Top of SOURCE DATA

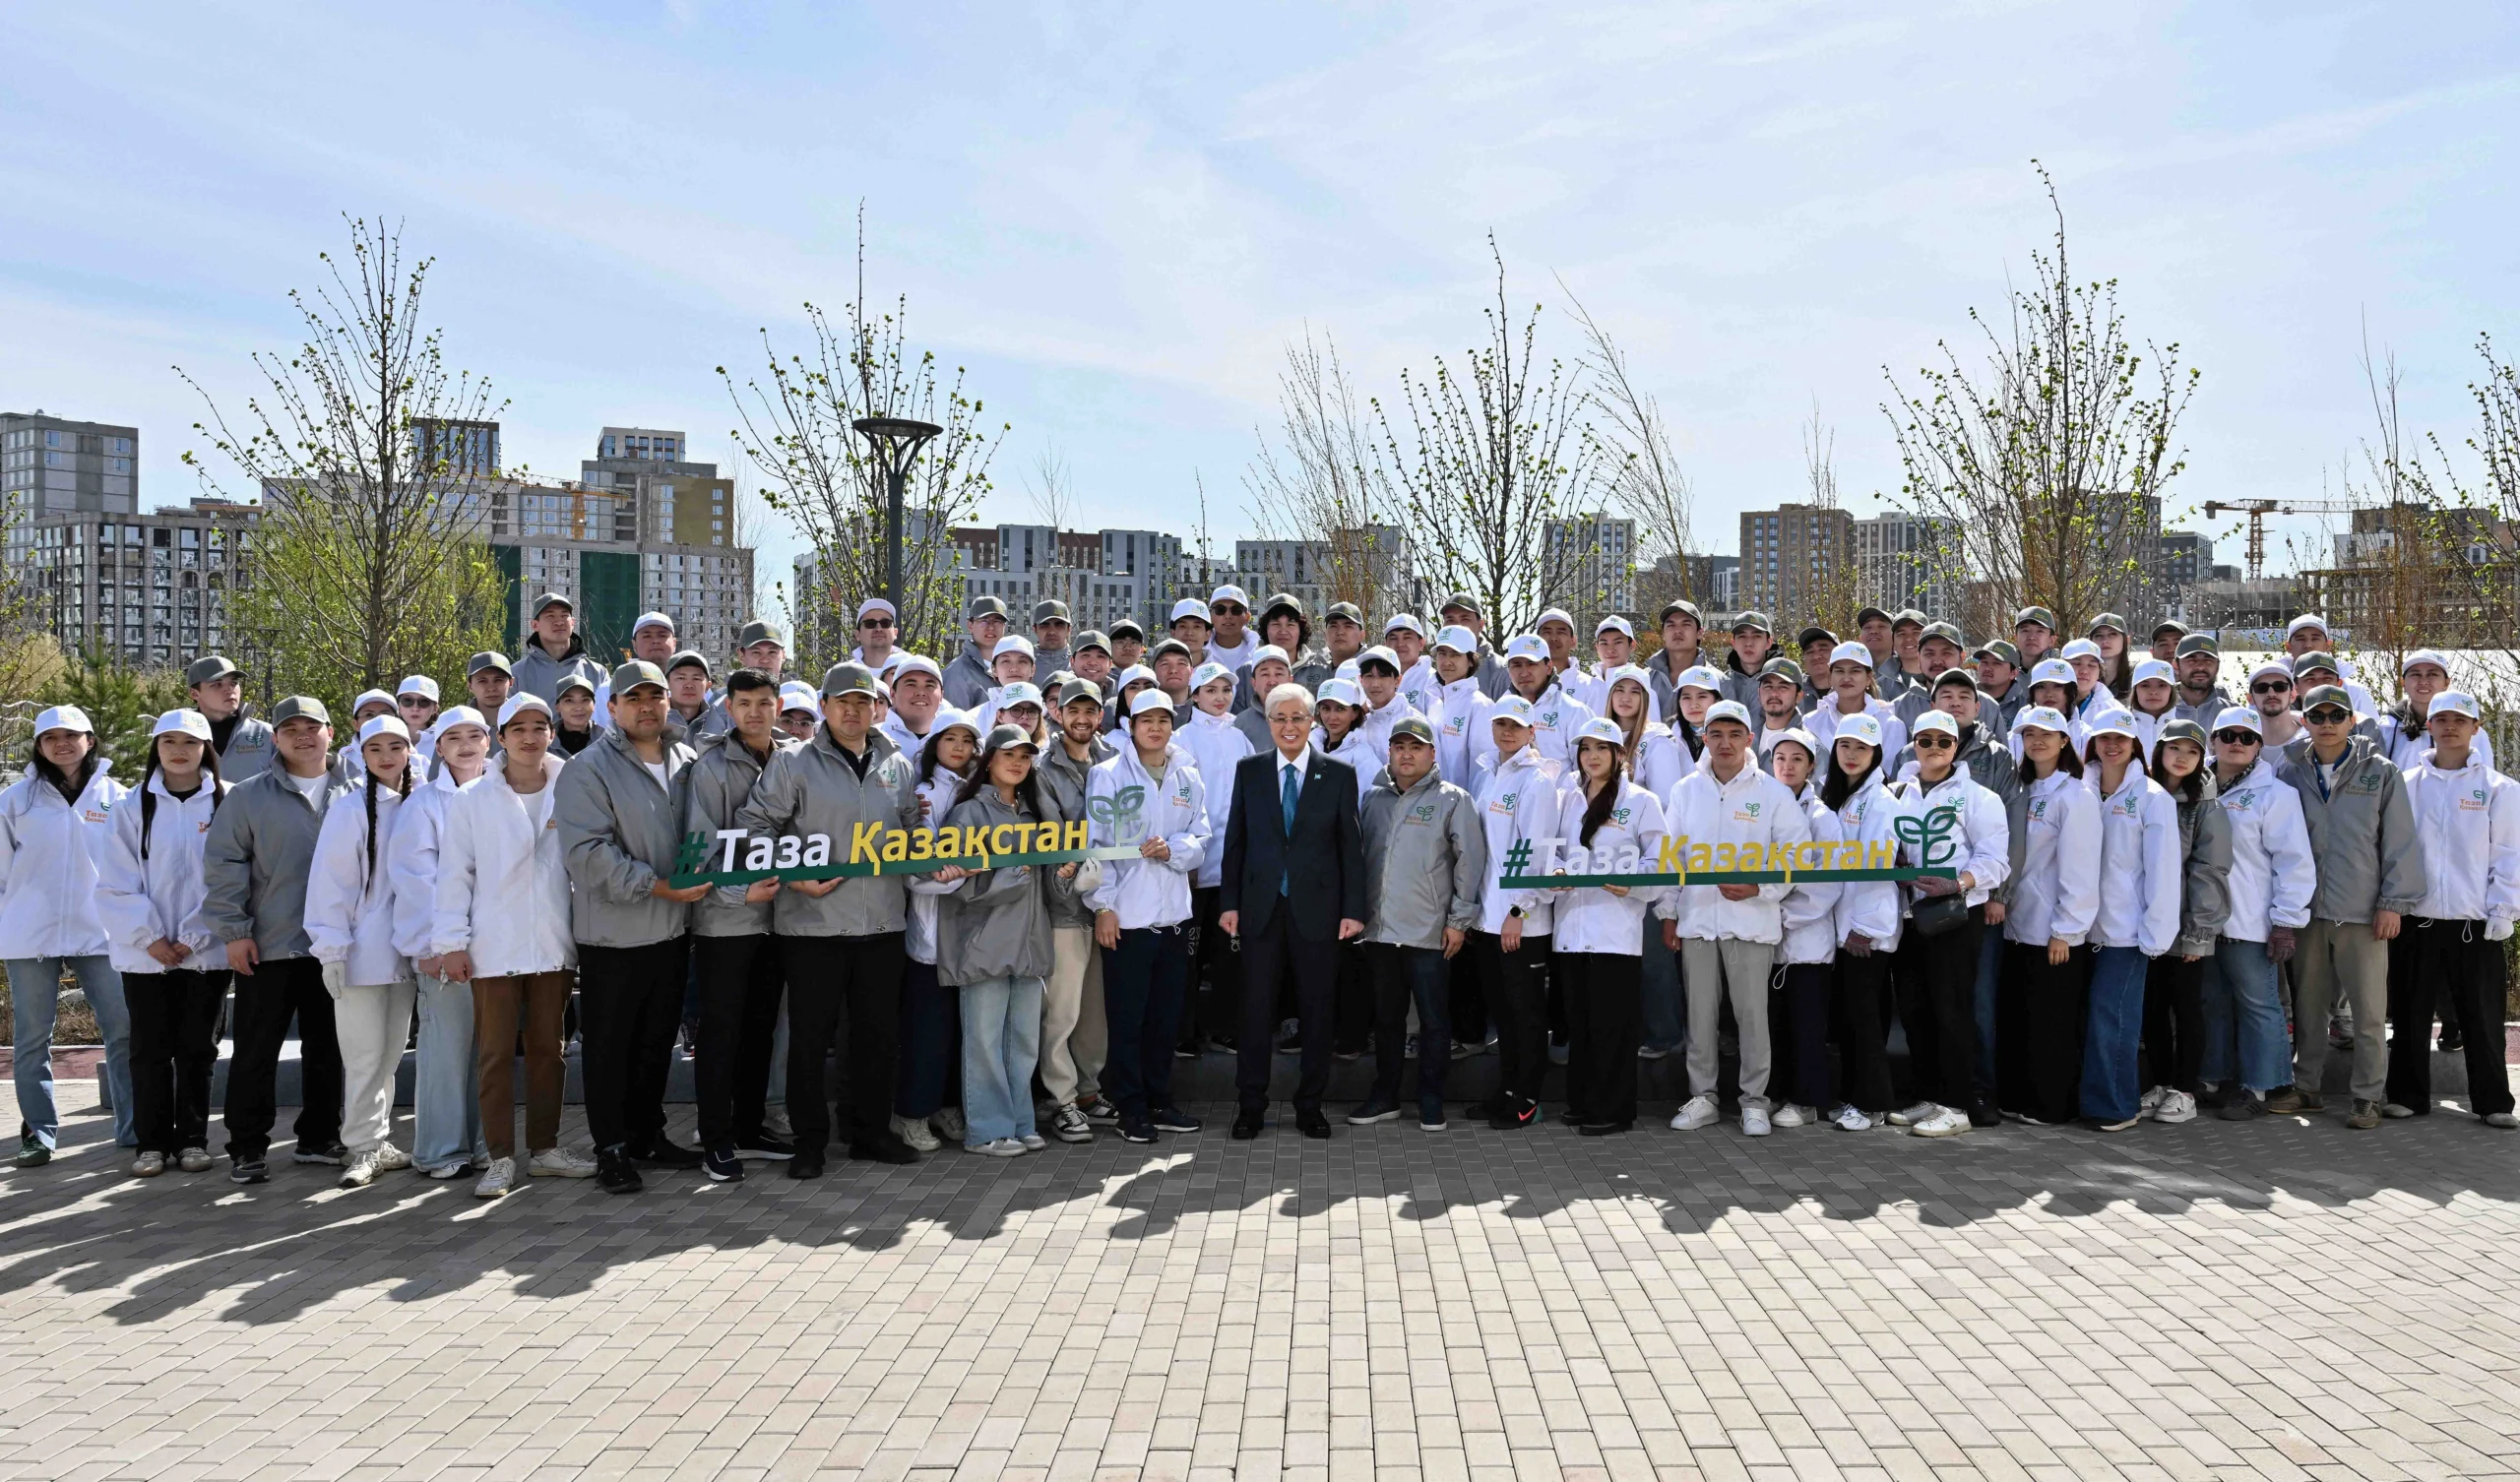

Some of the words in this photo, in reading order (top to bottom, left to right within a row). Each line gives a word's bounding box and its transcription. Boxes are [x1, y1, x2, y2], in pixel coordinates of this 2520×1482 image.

[1490, 801, 1505, 810] Таза
[674, 829, 831, 875] #Таза
[850, 820, 1089, 876] Қазақстан
[1503, 837, 1641, 878] #Таза
[1658, 835, 1894, 886] Қазақстан

Bottom of SOURCE DATA

Transcribe the records above exactly, leaving every picture out of the copy.

Some of the words in this photo, in reading order (top to bottom, left to right within a row). Each line gives a word's bounding box and its transcription. Boxes are [x1, y1, x2, y2], in pixel coordinates of this 2520×1482 image.

[1490, 801, 1505, 810] Таза
[674, 829, 831, 875] #Таза
[850, 820, 1089, 876] Қазақстан
[1503, 837, 1641, 878] #Таза
[1658, 835, 1894, 886] Қазақстан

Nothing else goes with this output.